### The problem
Your copy should match the entries exactly, with no images carried over.

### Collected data
========================================================================

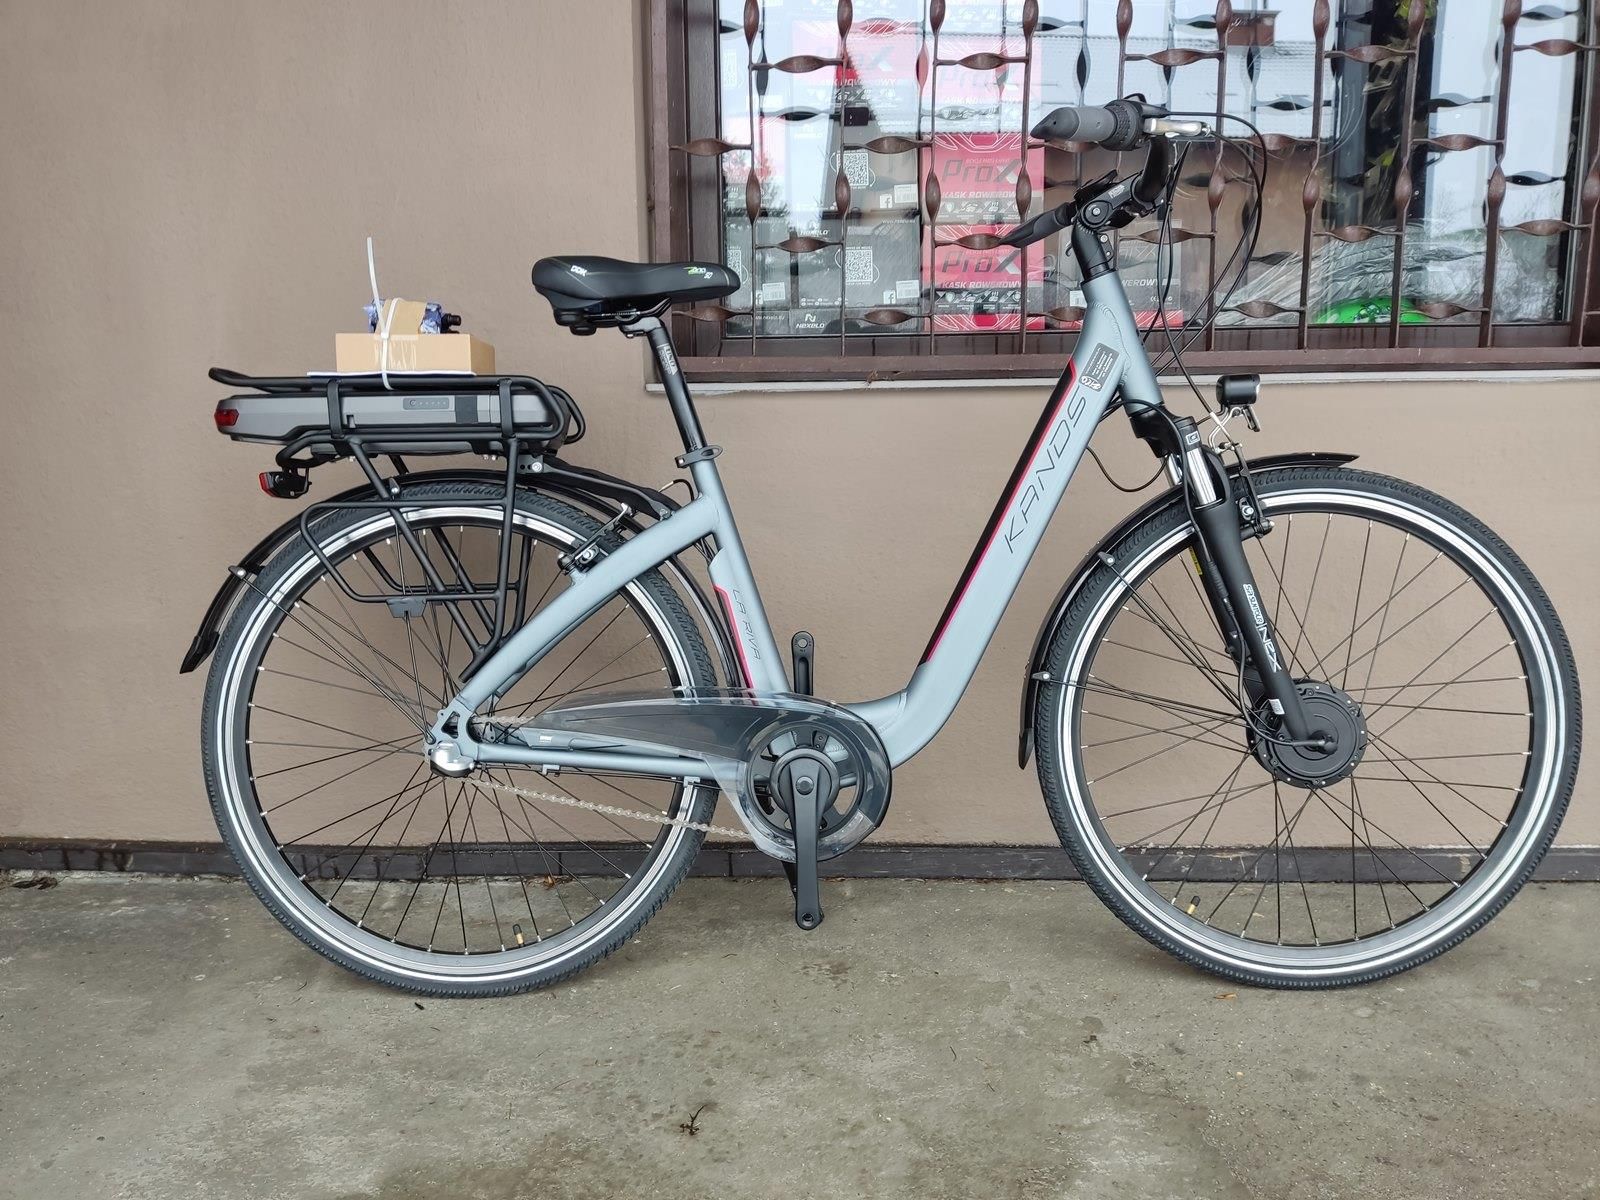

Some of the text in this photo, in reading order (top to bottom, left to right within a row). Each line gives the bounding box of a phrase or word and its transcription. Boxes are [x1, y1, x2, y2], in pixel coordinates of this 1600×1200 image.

[941, 158, 1021, 184] ProX
[941, 191, 1017, 199] KASK ROWEROW
[941, 249, 1021, 275] ProX
[942, 281, 966, 289] KASK
[1004, 385, 1087, 554] KANDS
[733, 589, 761, 660] LA RIVA
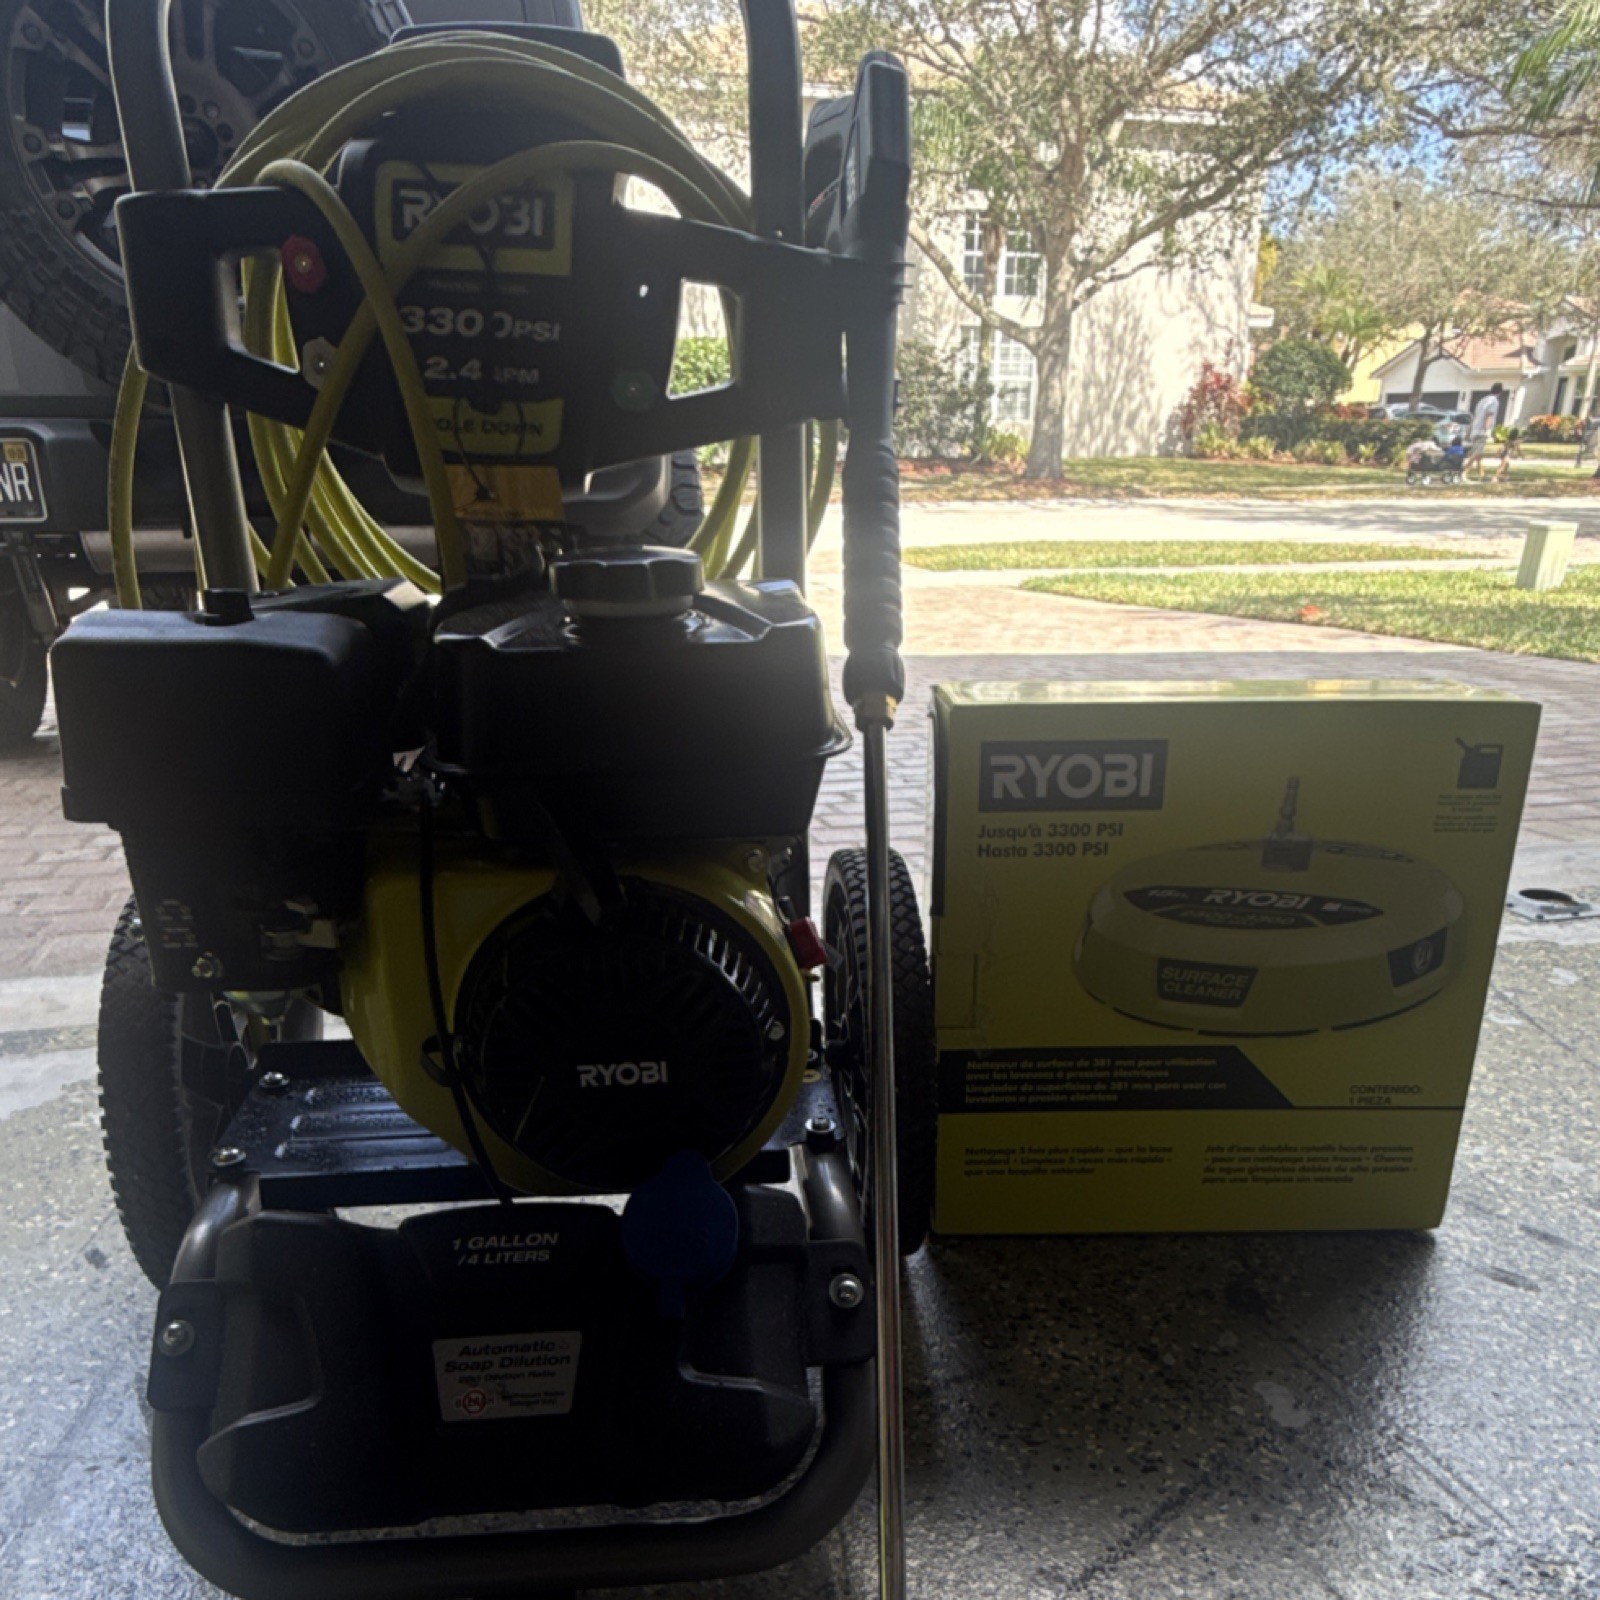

========================================================================

### Exercise solution
Some of the text in this photo, in reading order (top to bottom, left to right within a row). Each line gives the bounding box of a phrase or word and its transcription. Boxes are [x1, y1, x2, y2], in pixel coordinates of this 1600×1200 image.

[941, 158, 1021, 184] ProX
[941, 191, 1017, 199] KASK ROWEROW
[941, 249, 1021, 275] ProX
[942, 281, 966, 289] KASK
[1004, 385, 1087, 554] KANDS
[733, 589, 761, 660] LA RIVA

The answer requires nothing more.